British poet, biographer and children's writer

Julia Copus FRSL (born 1969) is a British poet, biographer and children's writer.

==Early life and education==

Copus was born in London and grew up with three brothers, two of whom went on to become musicians. She attended The Mountbatten School, a comprehensive in Romsey, and Peter Symonds Sixth Form College in Winchester. She went on to study Latin at St Mary's College, Durham.

==Career==

Copus' books of poetry include The Shuttered Eye (Bloodaxe, 1995), which won her an Eric Gregory Award and was shortlisted for the Forward Prize for Best First Collection, the pamphlet Walking in the Shadows (1994), which won the Poetry Business competition, In Defence of Adultery (Bloodaxe, 2003), The World's Two Smallest Humans (Faber, 2012), shortlisted for both the Costa Book Award for Poetry and the T. S. Eliot Prize, and Girlhood (Faber 2019), winner of the inaugural Derek Walcott Prize for Poetry. She is known for establishing a new form in English poetry, which she has called the specular form, in which the second half of the poem mirrors the first, using the same lines but in reverse order and differently punctuated.

Eenie Meenie Macka Racka (an original 45-minute play for radio) was first broadcast on BBC Radio 4 in September, 2003, having been commissioned after Copus won the BBC's Alfred Bradley Bursary Award for Best New Radio Playwright in 2002. In the same year, she won First Prize in the National Poetry Competition with Breaking the Rule.

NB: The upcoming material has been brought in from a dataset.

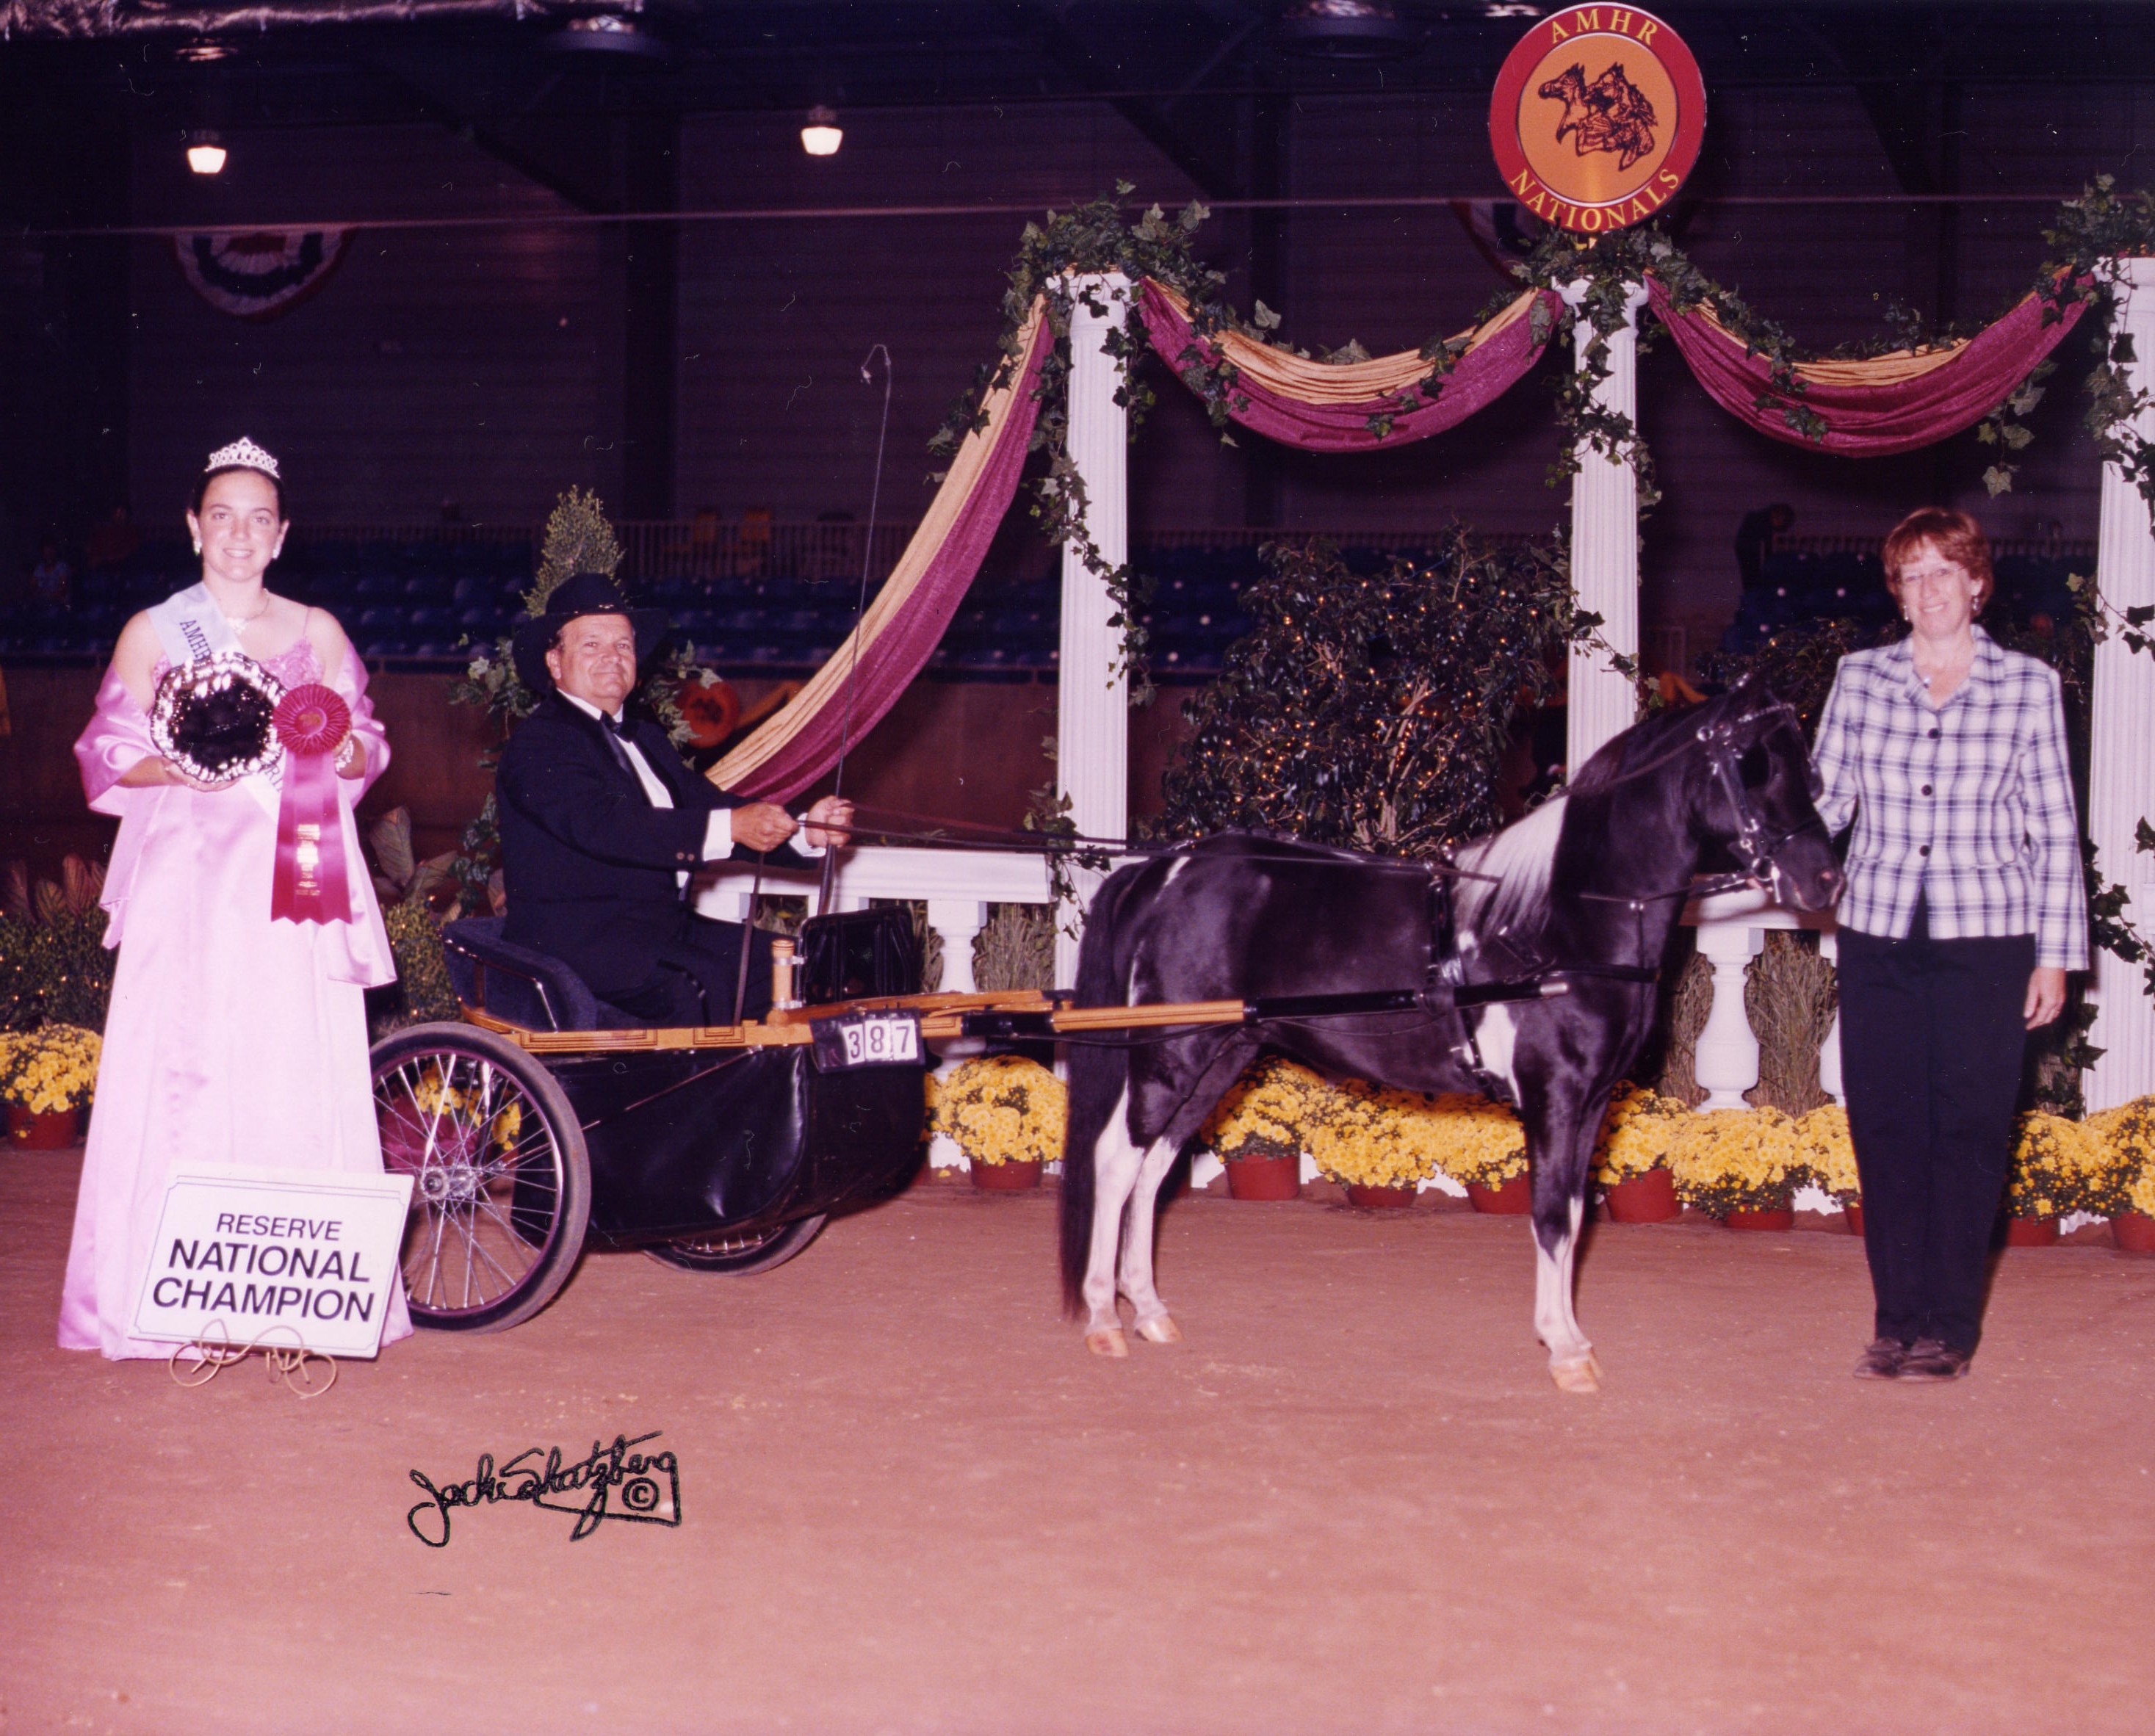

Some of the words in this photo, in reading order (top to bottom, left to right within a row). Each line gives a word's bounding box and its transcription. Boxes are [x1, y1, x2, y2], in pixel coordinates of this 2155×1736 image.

Copus was a Royal Literary Fund Fellow at the University of Exeter in 2005, 2006 and 2007, and the following year was made an RLF Advisory Fellow and awarded an Honorary Fellowship at the University of Exeter. In 2010, she won the Forward Prize for Best Single Poem for An Easy Passage, and in 2020 her collection Girlhood was awarded the inaugural Derek Walcott Prize for best collection by a non-US citizen. She has been on the judging panel for a number of literary prizes, including the Geoffrey Faber Memorial Prize, the Ted Hughes Award, the Costa Book Award, the UK's National Poetry Competition, the Encore Award for best second novel, the Michael Marks Awards for Poetry Pamphlets, the T. S. Eliot Prize for poetry and the Tower Poetry Competition for 16-18 year olds, run by Christ Church, Oxford.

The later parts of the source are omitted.